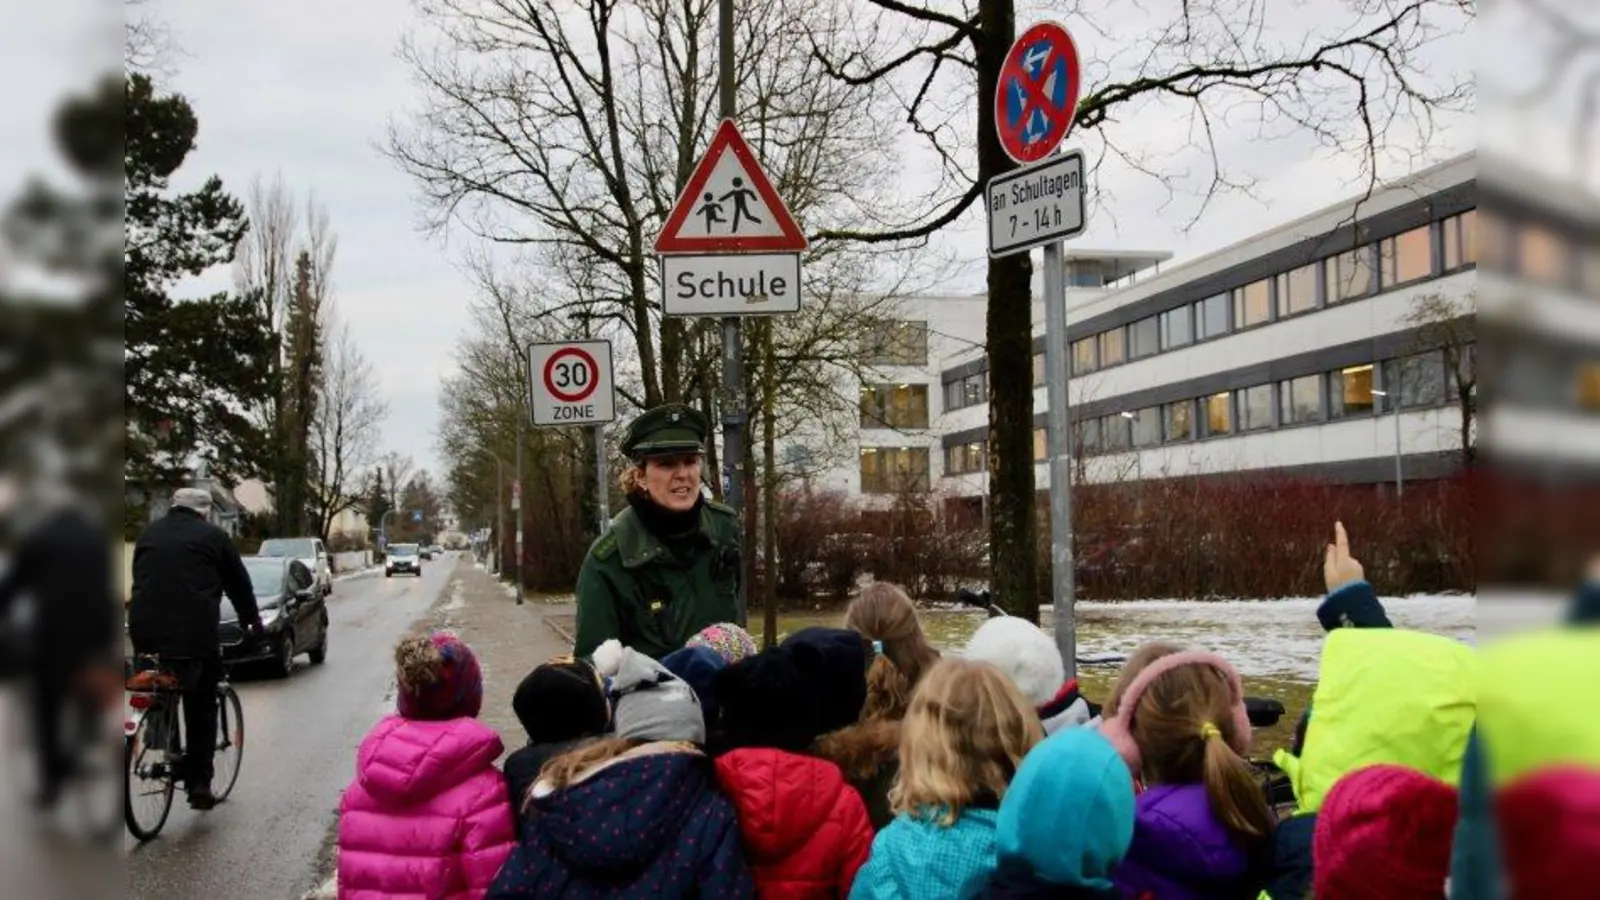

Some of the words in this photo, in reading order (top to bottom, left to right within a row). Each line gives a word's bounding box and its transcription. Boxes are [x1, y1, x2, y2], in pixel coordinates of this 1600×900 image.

[993, 192, 1006, 211] an
[1012, 170, 1078, 205] Schultagen
[677, 270, 786, 299] Schule
[555, 362, 588, 387] 30
[553, 404, 595, 420] ZONE

::::::::

Write out all the entries word for word, but skip any images.

Some of the words in this photo, in reading order (top to bottom, left to right within a row). Each line gives a word's bounding box and its transcription. Boxes are [x1, y1, x2, y2], in pixel coordinates of this 1600×900 image.

[993, 192, 1006, 211] an
[1012, 170, 1078, 205] Schultagen
[677, 270, 786, 299] Schule
[555, 362, 588, 387] 30
[553, 404, 595, 420] ZONE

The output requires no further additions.